It's a special circuit made of three basic elements: The AC source, a capacitor, and an inductor. The charge, current, and voltage are oscillating when there is an interaction between the electric and magnetic fields of the elements.

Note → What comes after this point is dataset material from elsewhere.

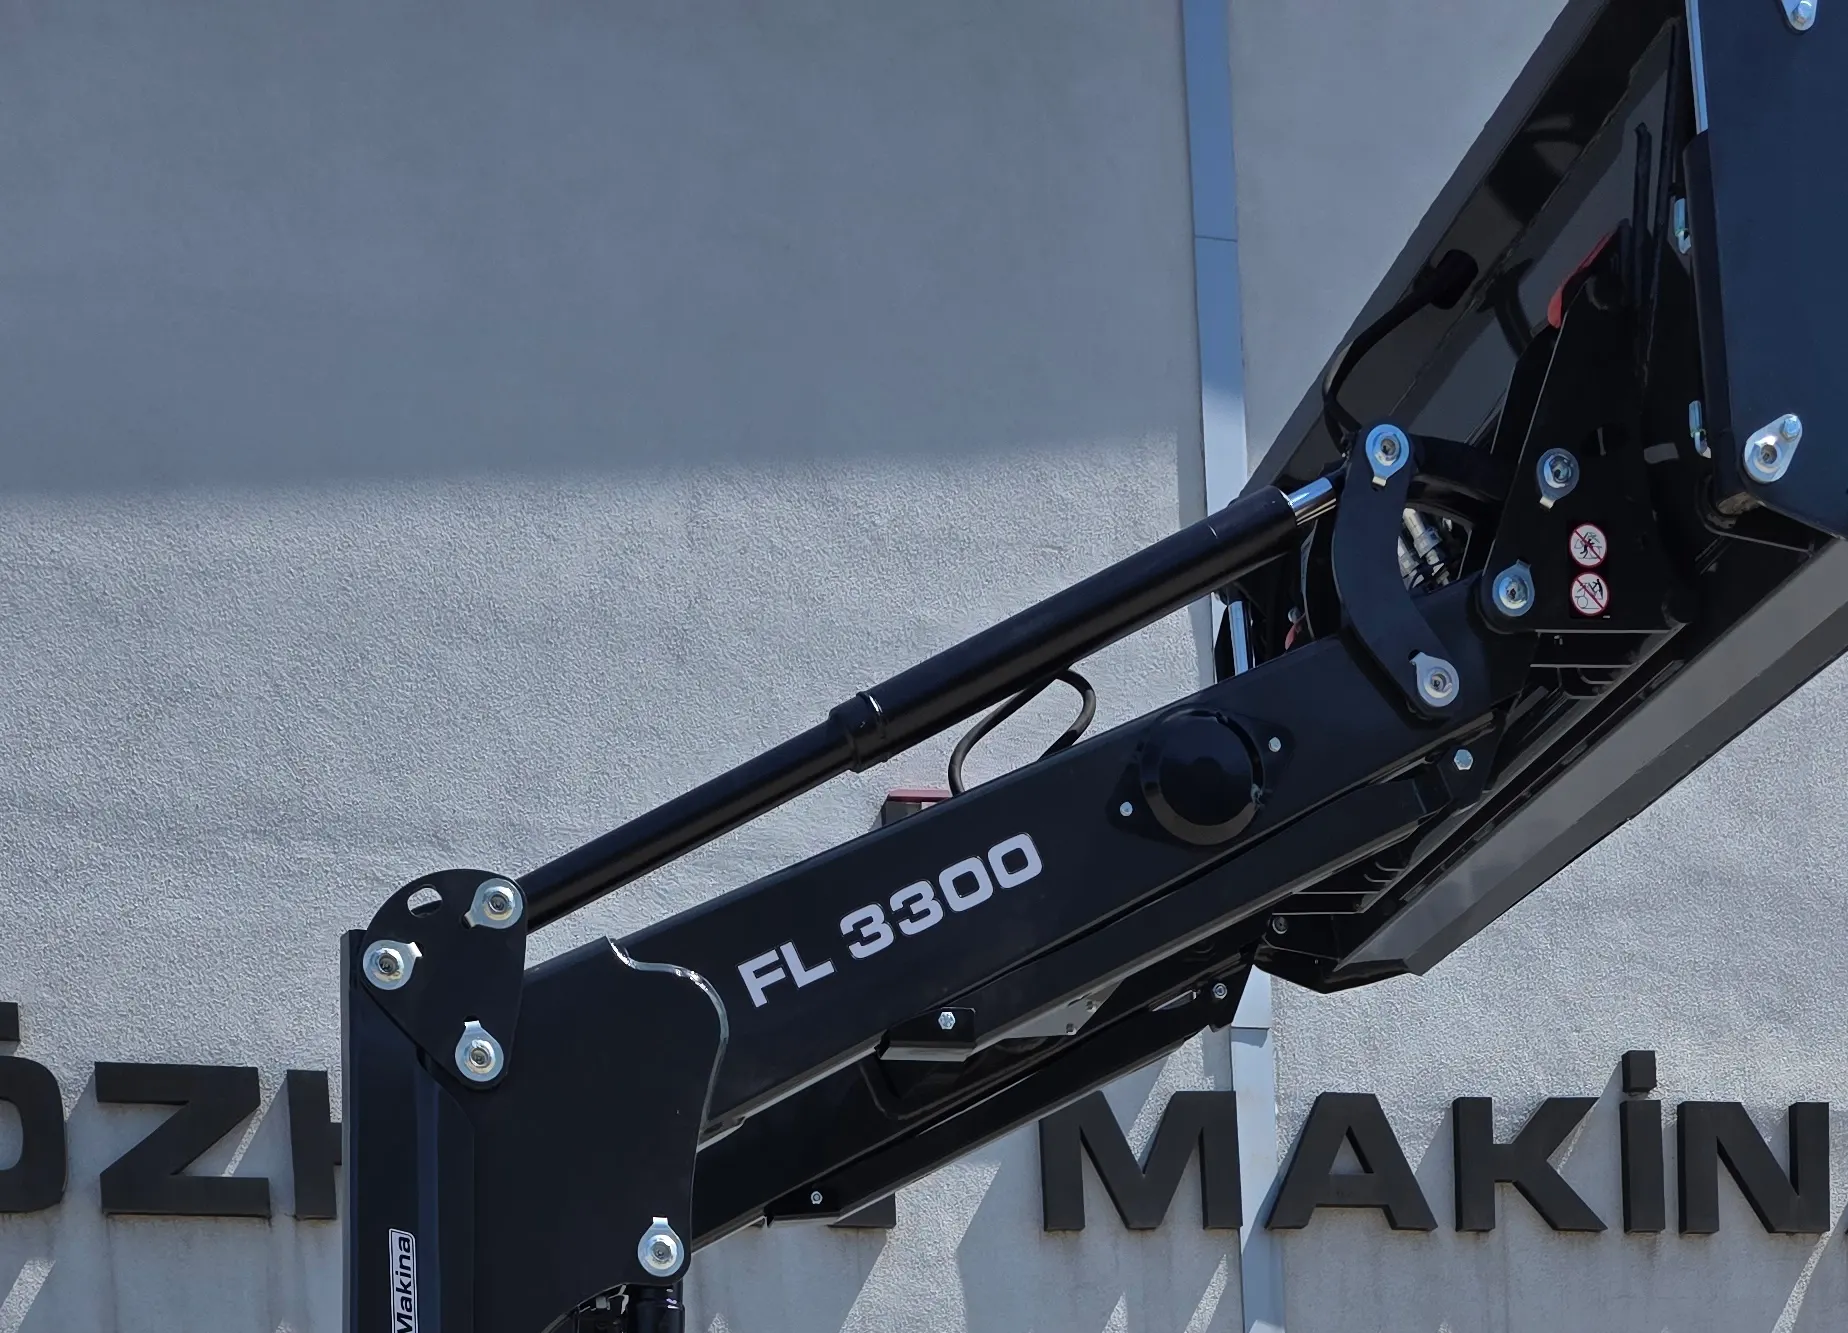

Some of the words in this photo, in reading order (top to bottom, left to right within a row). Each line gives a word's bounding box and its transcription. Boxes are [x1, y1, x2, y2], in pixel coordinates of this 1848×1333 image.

[737, 940, 837, 1008] FL
[839, 832, 1044, 961] 3300
[1038, 1049, 1848, 1233] MAKİN

The following variables will be used for the formulas:

q, q_1, q_2 = charge of the capacitor in any time t, t_1, t_2

q_o = initial charge of the capacitor

\omega=angular frequency of the circuit

i, i_1, i_2 = current through the circuit in any time t, t_1, t_2

The charge in an LC circuit is given by

q(t) = q_0 \, cos (\omega t )

The current is the derivative of the charge

\displaystyle i(t) = \frac{dq(t)}{dt} = - \omega q_0 \, sin(\omega t).

We are given

q_1=10\ mc=0.01\ c, i_1=3\ A,\ q_2=6\ mc=0.006\ c\ ,\ f=\frac{1000}{4\pi}

It means that

q(t_1) = q_0 \, cos (\omega t_1 )=q_1\ .......[eq 1]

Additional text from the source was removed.